▶ _WORK ITEM_
Word for word, reproduce each entry.

▶ _SUPPLIED ENTRIES_
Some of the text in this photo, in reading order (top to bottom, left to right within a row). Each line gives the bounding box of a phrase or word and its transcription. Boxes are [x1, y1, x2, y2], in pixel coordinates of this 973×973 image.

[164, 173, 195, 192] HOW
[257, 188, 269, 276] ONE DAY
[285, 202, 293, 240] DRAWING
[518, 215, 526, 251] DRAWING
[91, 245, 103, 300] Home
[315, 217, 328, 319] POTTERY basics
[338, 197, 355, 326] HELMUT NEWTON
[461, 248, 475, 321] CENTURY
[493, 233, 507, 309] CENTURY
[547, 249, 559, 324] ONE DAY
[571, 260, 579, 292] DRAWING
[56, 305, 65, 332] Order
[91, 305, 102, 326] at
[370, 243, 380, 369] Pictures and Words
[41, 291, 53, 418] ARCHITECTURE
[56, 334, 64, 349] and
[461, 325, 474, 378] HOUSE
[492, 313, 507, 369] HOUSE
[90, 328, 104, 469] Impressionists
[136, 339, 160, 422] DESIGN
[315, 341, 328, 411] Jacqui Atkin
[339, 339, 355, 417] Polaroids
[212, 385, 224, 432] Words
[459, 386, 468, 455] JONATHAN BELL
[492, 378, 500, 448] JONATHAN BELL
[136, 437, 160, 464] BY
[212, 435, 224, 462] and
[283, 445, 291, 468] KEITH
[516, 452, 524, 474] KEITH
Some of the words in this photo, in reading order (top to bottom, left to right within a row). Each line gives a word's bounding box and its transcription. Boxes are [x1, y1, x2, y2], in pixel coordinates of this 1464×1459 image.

▶ _YOUR SOLUTION_
Some of the text in this photo, in reading order (top to bottom, left to right within a row). Each line gives the bounding box of a phrase or word and its transcription. Boxes are [x1, y1, x2, y2], in pixel coordinates of this 973×973 image.

[164, 173, 195, 192] HOW
[257, 188, 269, 276] ONE DAY
[285, 202, 293, 240] DRAWING
[518, 215, 526, 251] DRAWING
[91, 245, 103, 300] Home
[315, 217, 328, 319] POTTERY basics
[338, 197, 355, 326] HELMUT NEWTON
[461, 248, 475, 321] CENTURY
[493, 233, 507, 309] CENTURY
[547, 249, 559, 324] ONE DAY
[571, 260, 579, 292] DRAWING
[56, 305, 65, 332] Order
[91, 305, 102, 326] at
[370, 243, 380, 369] Pictures and Words
[41, 291, 53, 418] ARCHITECTURE
[56, 334, 64, 349] and
[461, 325, 474, 378] HOUSE
[492, 313, 507, 369] HOUSE
[90, 328, 104, 469] Impressionists
[136, 339, 160, 422] DESIGN
[315, 341, 328, 411] Jacqui Atkin
[339, 339, 355, 417] Polaroids
[212, 385, 224, 432] Words
[459, 386, 468, 455] JONATHAN BELL
[492, 378, 500, 448] JONATHAN BELL
[136, 437, 160, 464] BY
[212, 435, 224, 462] and
[283, 445, 291, 468] KEITH
[516, 452, 524, 474] KEITH
Some of the words in this photo, in reading order (top to bottom, left to right within a row). Each line gives a word's bounding box and its transcription. Boxes are [x1, y1, x2, y2], in pixel coordinates of this 1464×1459 image.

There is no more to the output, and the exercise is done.